Wednesday, November 2, 2011

Books for October 2011

Culture Making: Recovering Our Creative CallingCulture Making: Recovering Our Creative Calling by Andy Crouch

My rating: 4 of 5 stars

This was a great read, and challenging in its content. Crouch offers a view of how everyone is engaged in the process of participating in, sustaining, and (at least in some way) cultivating culture. He lays this out in a manner that is clear and understandable, both in the abstract as well as in how each of us might more fully take up our role in participation.

One thing I appreciated about the book is the constructive critique of “worldview” as an approach to engaging/changing/shaping culture. Worldview, Crouch argues, will at best make us effective critics and thoughtful philosophers, but it won’t go very far to helping us constructively participate in the change of culture. He helpfully shows where worldview is useful, but also where it is in need of supplement.

One critique I would offer is that the whole approach is almost entirely based on individual participation in culture-making. Where is the church as a community, an institution, a body, in this process? I would like for Crouch to speak more to the communal aspect of culture-making; I’m sure he has much to say on that regard.

Overall: I would call this a must-read for any thoughtful Christian today.

Poke the BoxPoke the Box by Seth Godin

My rating: 3 of 5 stars

Not a bad book at all; I think I got it free or cheap, so it certainly was worth the price!

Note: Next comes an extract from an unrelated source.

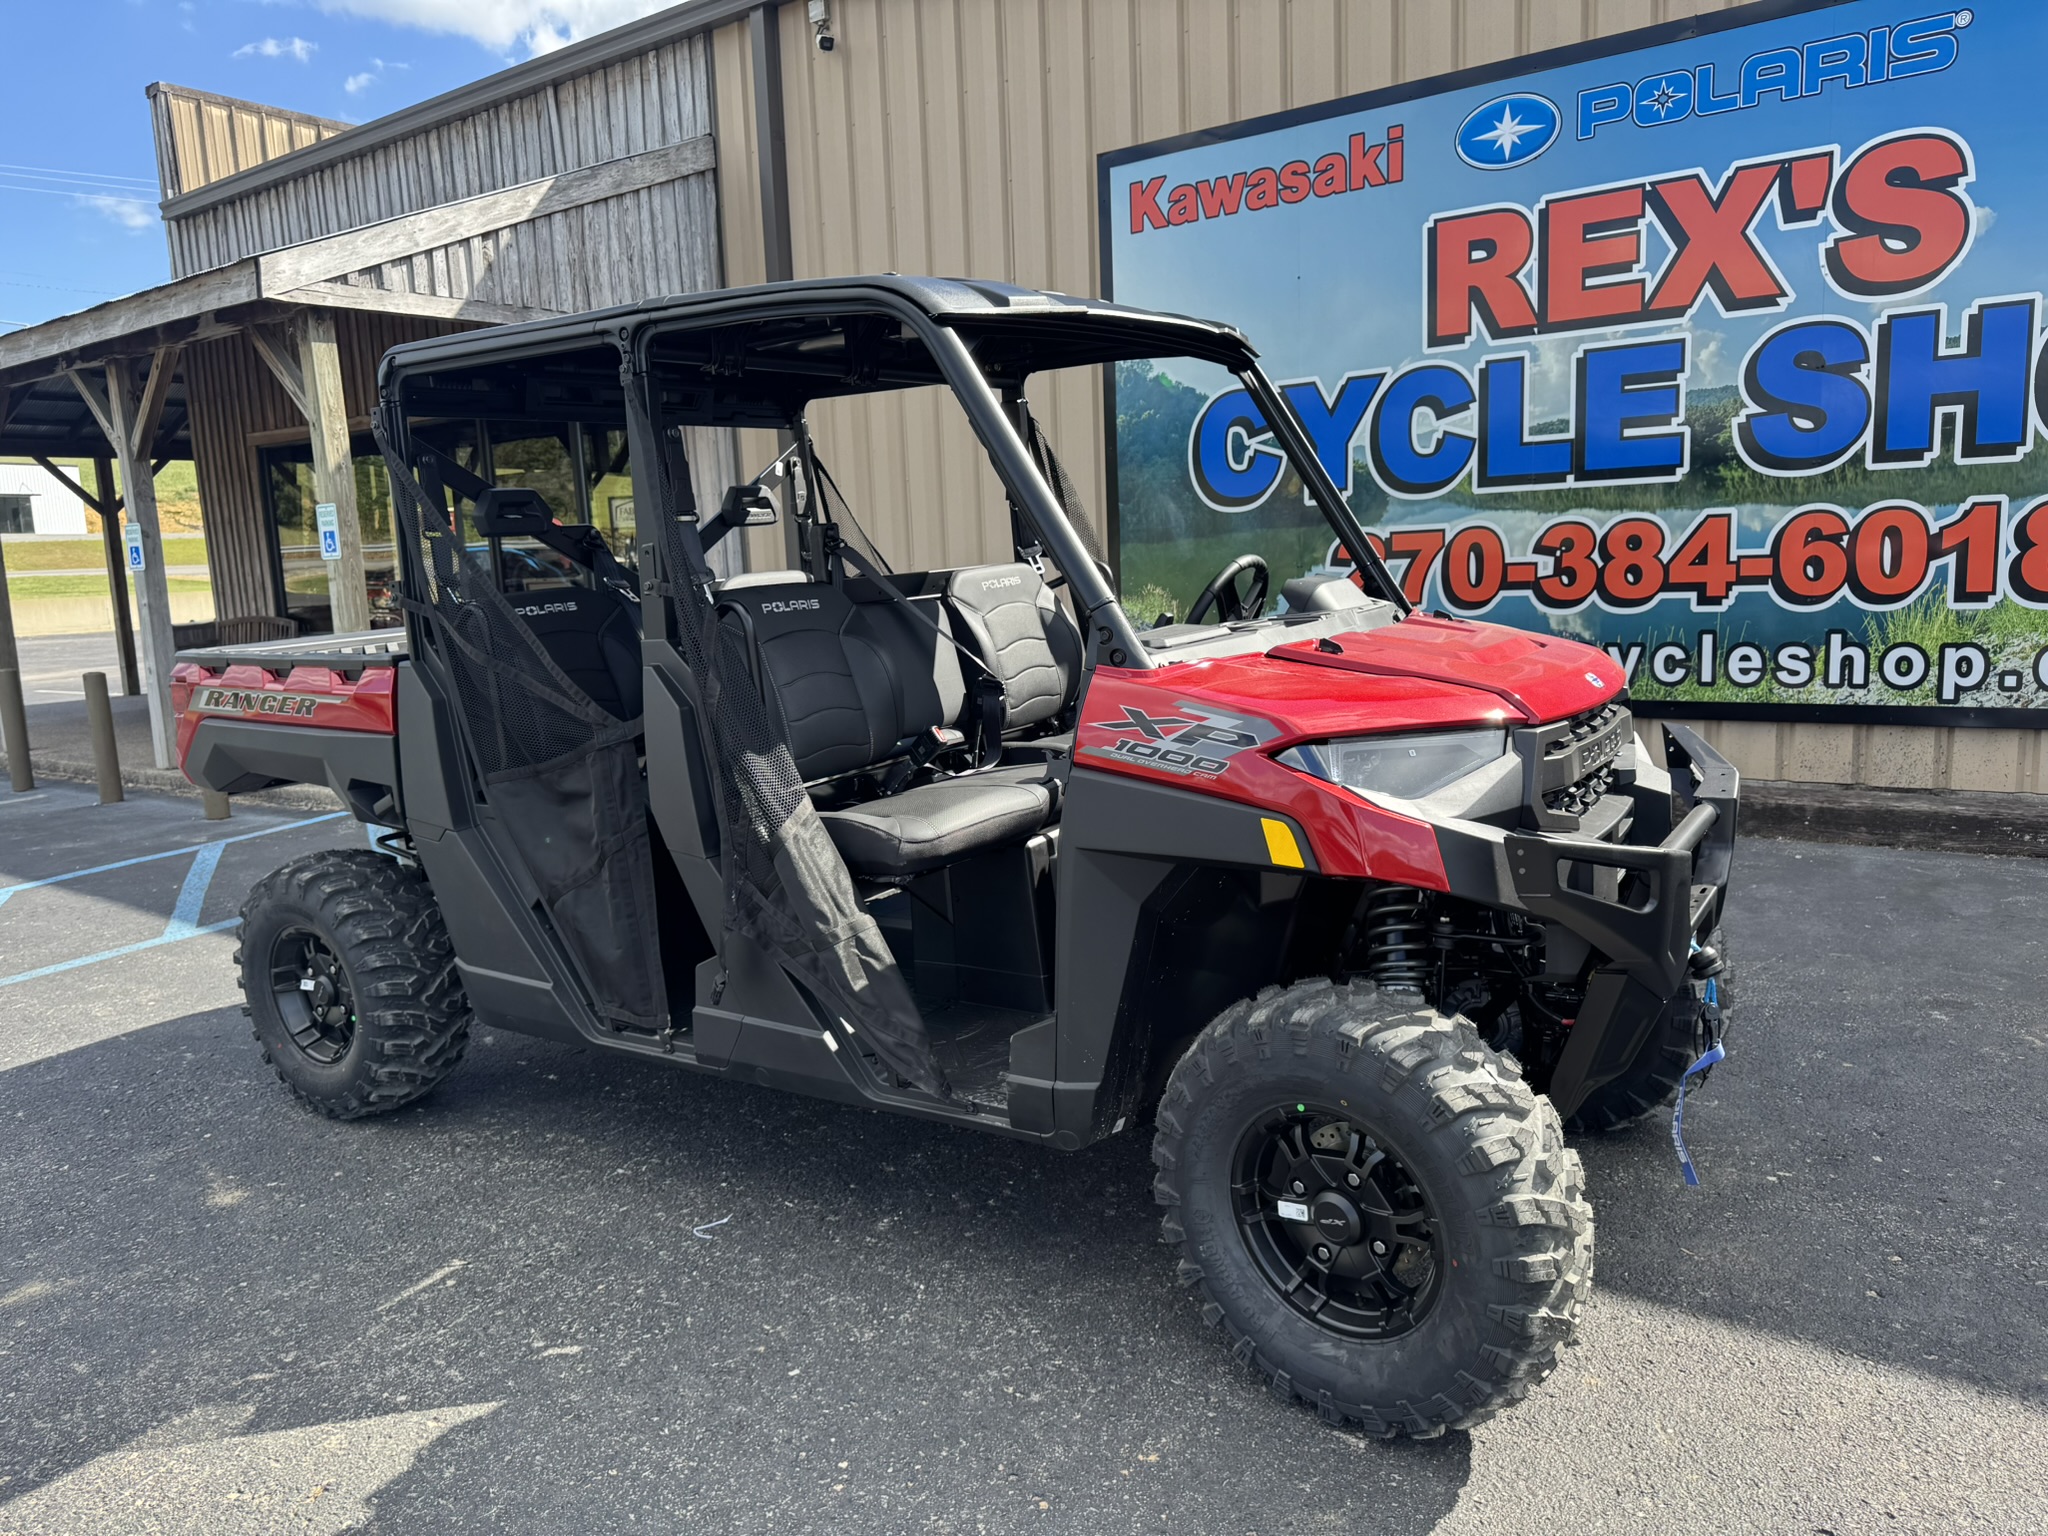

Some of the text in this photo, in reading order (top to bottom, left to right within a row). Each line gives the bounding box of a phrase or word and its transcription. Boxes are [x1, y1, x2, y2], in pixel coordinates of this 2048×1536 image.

Obviously, this is a collection of Seth’s blog posts related to the general topic of getting off the ground with “shipping”— he metaphor or catch-all for getting to a final, delivered end-point with some creative or marketing endeavor. It may be as simple as selecting all of the posts tagged “ship” from his blog, and you would have the content of the book. Which is to say, it’s good content, worth reading, and helpful to have collected all in one place— but certainly available in other formats without price (as long as Seth’s blog archives are available, at least.)

The content, though, is good: challenging thoughts about getting somewhere with goals and creativity; analysis of some of the major obstacles that often stand in the way of “shipping”; suggestions for workflow and focus. It’s a good read for anyone who is running a business, trying to write, or in any other way has a final output toward which it is easy to procrastinate.